(Problem details): Make an exact copy of the records, omitting all images.

(Exercise materials):
---------------

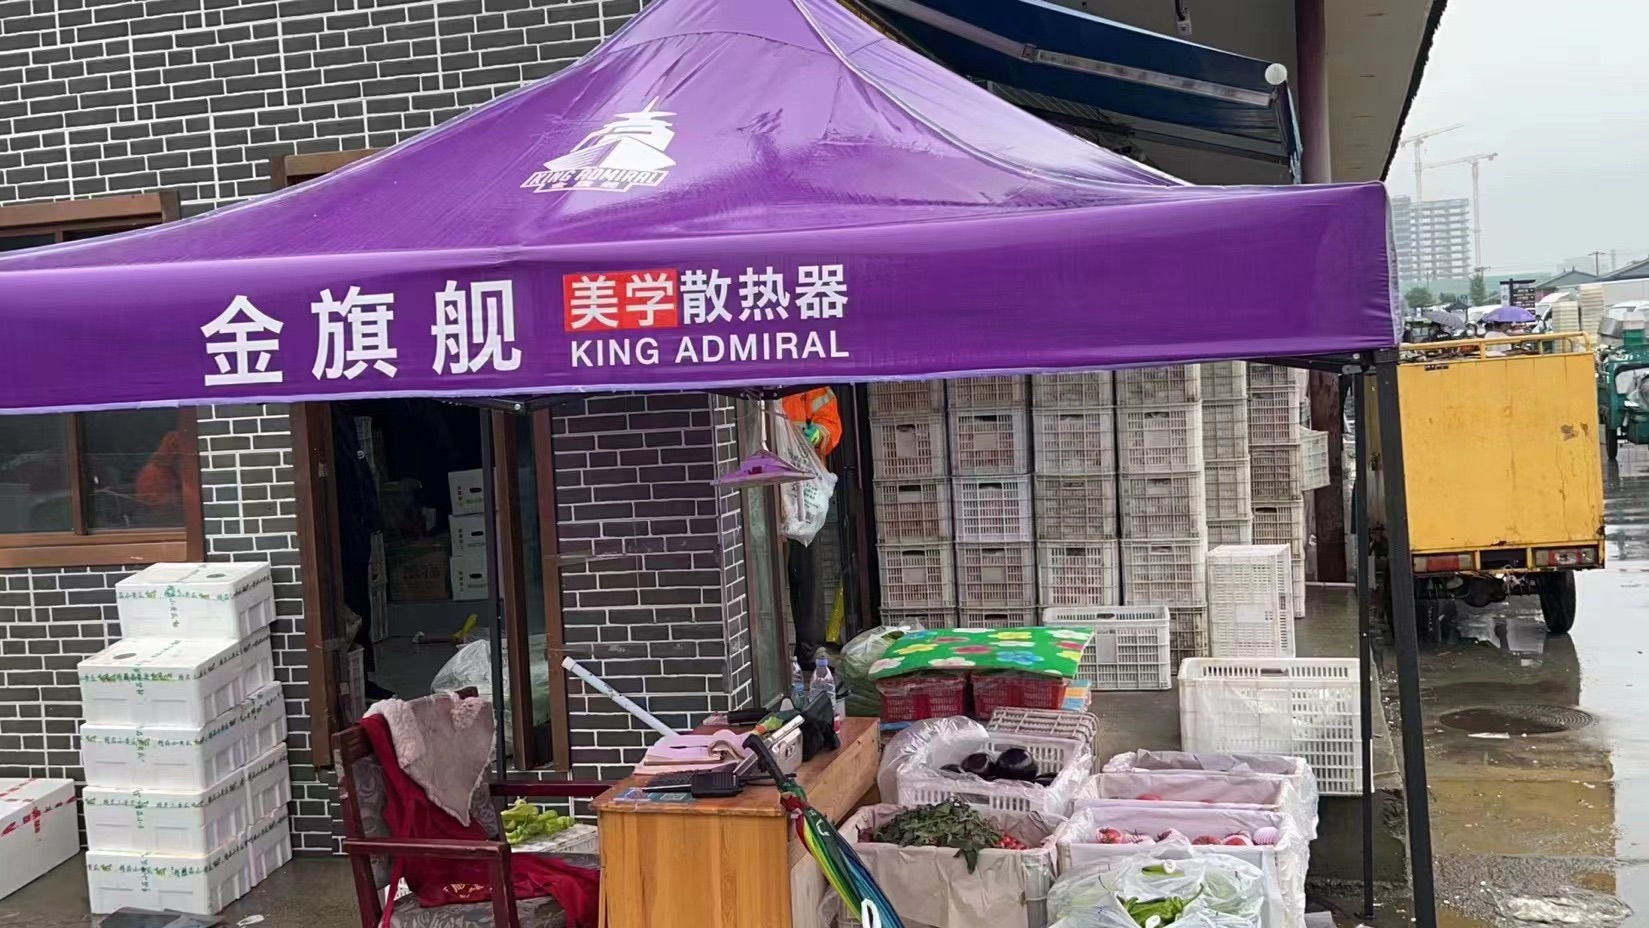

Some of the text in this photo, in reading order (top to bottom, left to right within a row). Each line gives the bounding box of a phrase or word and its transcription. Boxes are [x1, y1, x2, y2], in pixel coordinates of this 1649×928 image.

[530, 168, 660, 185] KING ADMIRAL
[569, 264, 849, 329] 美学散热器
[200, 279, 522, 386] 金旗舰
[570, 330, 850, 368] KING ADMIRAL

---------------

(Task response):
Some of the text in this photo, in reading order (top to bottom, left to right within a row). Each line gives the bounding box of a phrase or word and its transcription. Boxes are [x1, y1, x2, y2], in pixel coordinates of this 1649×928 image.

[530, 168, 660, 185] KING ADMIRAL
[569, 264, 849, 329] 美学散热器
[200, 279, 522, 386] 金旗舰
[570, 330, 850, 368] KING ADMIRAL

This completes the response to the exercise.